TASK ITEM:
Pictures must be kept out of the copy. Every entry is to be duplicated exactly.

BEGIN RECORDS SUPPLIED

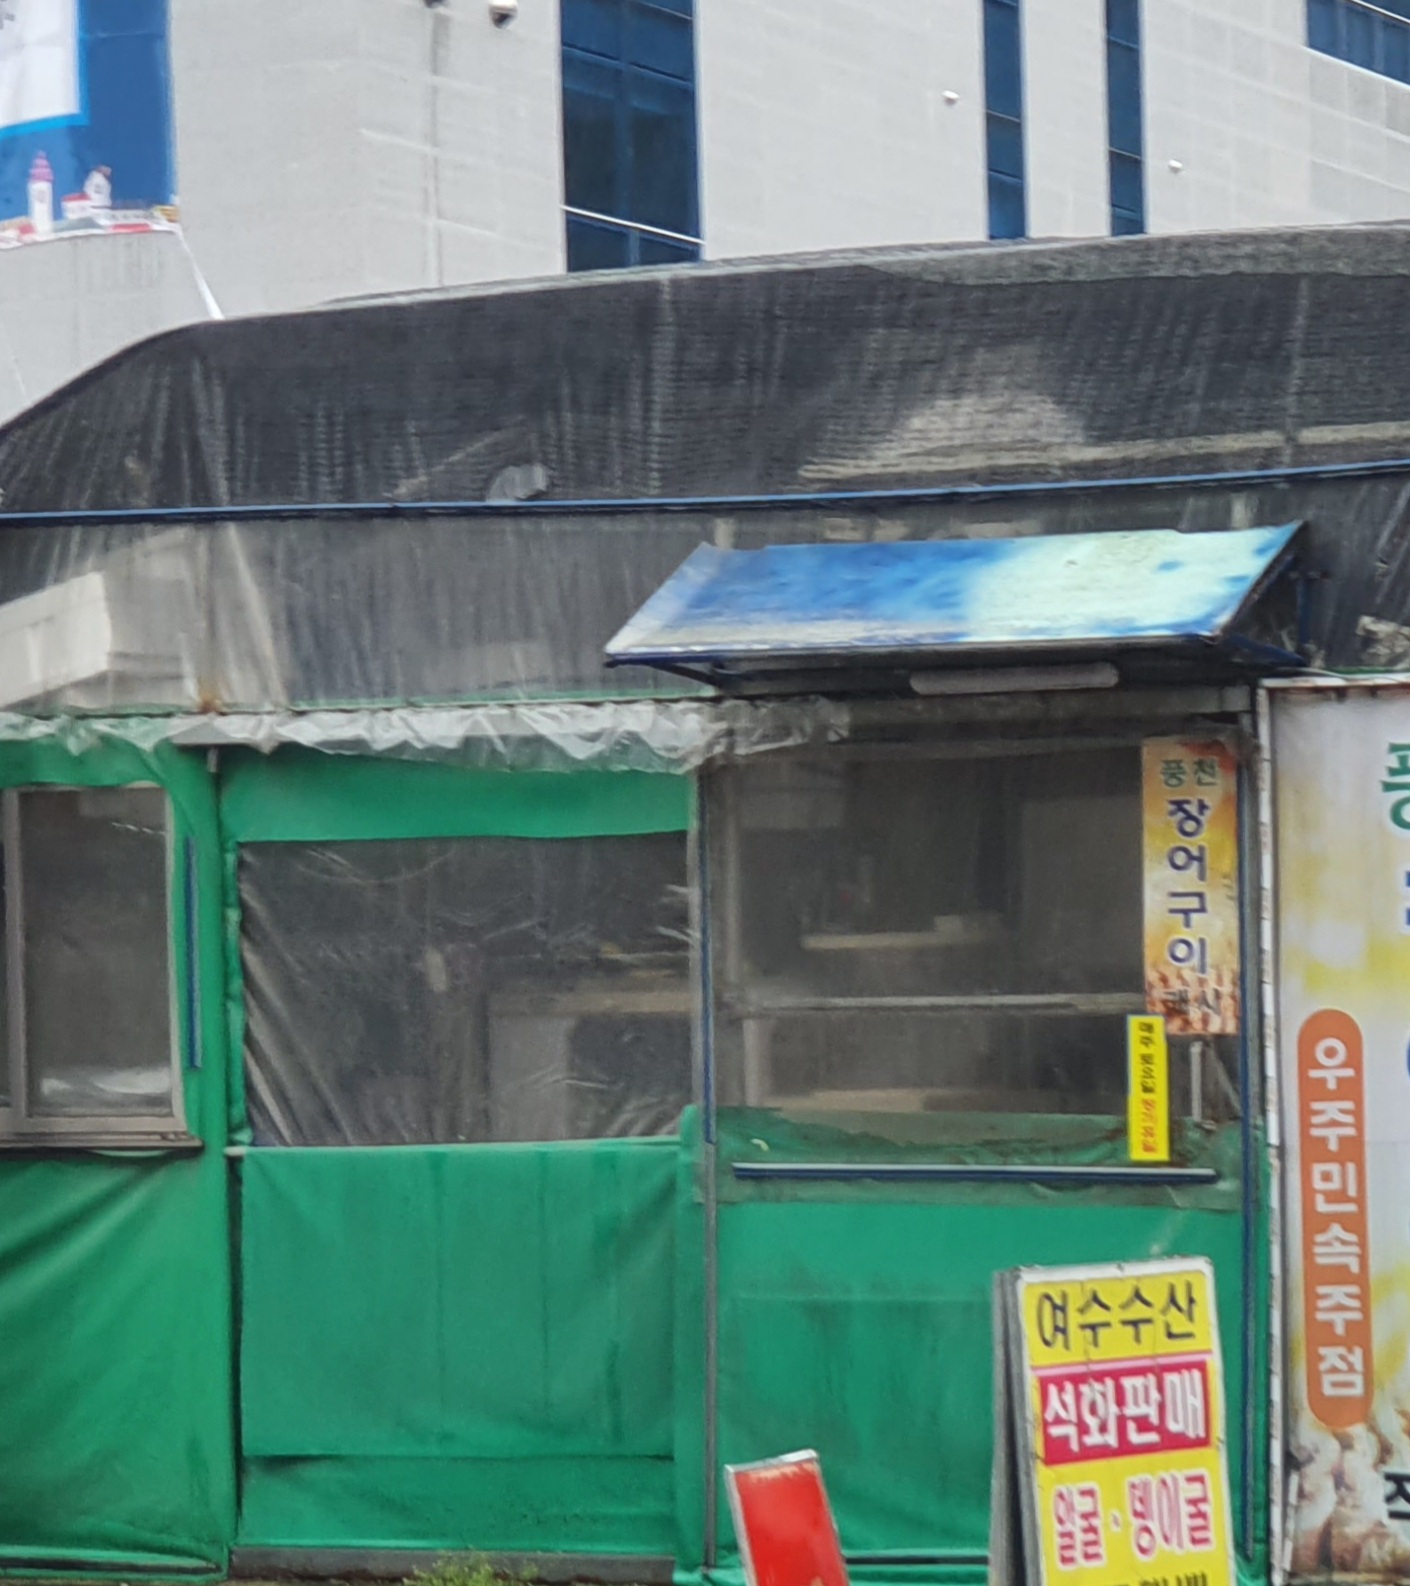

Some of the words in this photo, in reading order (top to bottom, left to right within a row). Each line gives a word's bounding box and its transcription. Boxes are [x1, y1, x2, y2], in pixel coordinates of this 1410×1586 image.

[1161, 759, 1220, 788] 풍천
[1167, 799, 1209, 975] 장어구이
[1308, 1038, 1366, 1398] 우주민속주점
[1037, 1279, 1198, 1350] 여수수산
[1044, 1368, 1207, 1453] 석화판매

END RECORDS SUPPLIED

SOLUTION FOR THIS PROBLEM:
Some of the words in this photo, in reading order (top to bottom, left to right within a row). Each line gives a word's bounding box and its transcription. Boxes are [x1, y1, x2, y2], in pixel coordinates of this 1410×1586 image.

[1161, 759, 1220, 788] 풍천
[1167, 799, 1209, 975] 장어구이
[1308, 1038, 1366, 1398] 우주민속주점
[1037, 1279, 1198, 1350] 여수수산
[1044, 1368, 1207, 1453] 석화판매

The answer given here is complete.